**EXERCISE REQUIREMENTS:**
The records below must be transcribed precisely and in full.

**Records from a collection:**
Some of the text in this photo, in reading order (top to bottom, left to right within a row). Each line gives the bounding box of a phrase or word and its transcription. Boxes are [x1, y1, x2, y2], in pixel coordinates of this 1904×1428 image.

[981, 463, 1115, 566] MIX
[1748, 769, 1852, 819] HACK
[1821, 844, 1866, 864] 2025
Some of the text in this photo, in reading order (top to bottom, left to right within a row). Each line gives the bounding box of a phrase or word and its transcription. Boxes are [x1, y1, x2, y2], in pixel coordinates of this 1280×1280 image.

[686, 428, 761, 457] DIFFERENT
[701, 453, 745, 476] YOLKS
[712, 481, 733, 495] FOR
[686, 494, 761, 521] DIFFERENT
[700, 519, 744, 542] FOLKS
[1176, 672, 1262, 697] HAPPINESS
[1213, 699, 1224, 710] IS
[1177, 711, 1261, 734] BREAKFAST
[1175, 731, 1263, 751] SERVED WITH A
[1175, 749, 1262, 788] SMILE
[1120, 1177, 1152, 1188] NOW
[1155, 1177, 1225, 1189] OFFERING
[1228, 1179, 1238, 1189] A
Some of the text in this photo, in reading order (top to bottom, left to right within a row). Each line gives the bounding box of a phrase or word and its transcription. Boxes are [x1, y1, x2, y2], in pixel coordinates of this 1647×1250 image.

**OUTPUT:**
Some of the text in this photo, in reading order (top to bottom, left to right within a row). Each line gives the bounding box of a phrase or word and its transcription. Boxes are [x1, y1, x2, y2], in pixel coordinates of this 1904×1428 image.

[981, 463, 1115, 566] MIX
[1748, 769, 1852, 819] HACK
[1821, 844, 1866, 864] 2025
Some of the text in this photo, in reading order (top to bottom, left to right within a row). Each line gives the bounding box of a phrase or word and its transcription. Boxes are [x1, y1, x2, y2], in pixel coordinates of this 1280×1280 image.

[686, 428, 761, 457] DIFFERENT
[701, 453, 745, 476] YOLKS
[712, 481, 733, 495] FOR
[686, 494, 761, 521] DIFFERENT
[700, 519, 744, 542] FOLKS
[1176, 672, 1262, 697] HAPPINESS
[1213, 699, 1224, 710] IS
[1177, 711, 1261, 734] BREAKFAST
[1175, 731, 1263, 751] SERVED WITH A
[1175, 749, 1262, 788] SMILE
[1120, 1177, 1152, 1188] NOW
[1155, 1177, 1225, 1189] OFFERING
[1228, 1179, 1238, 1189] A
Some of the text in this photo, in reading order (top to bottom, left to right within a row). Each line gives the bounding box of a phrase or word and its transcription. Boxes are [x1, y1, x2, y2], in pixel coordinates of this 1647×1250 image.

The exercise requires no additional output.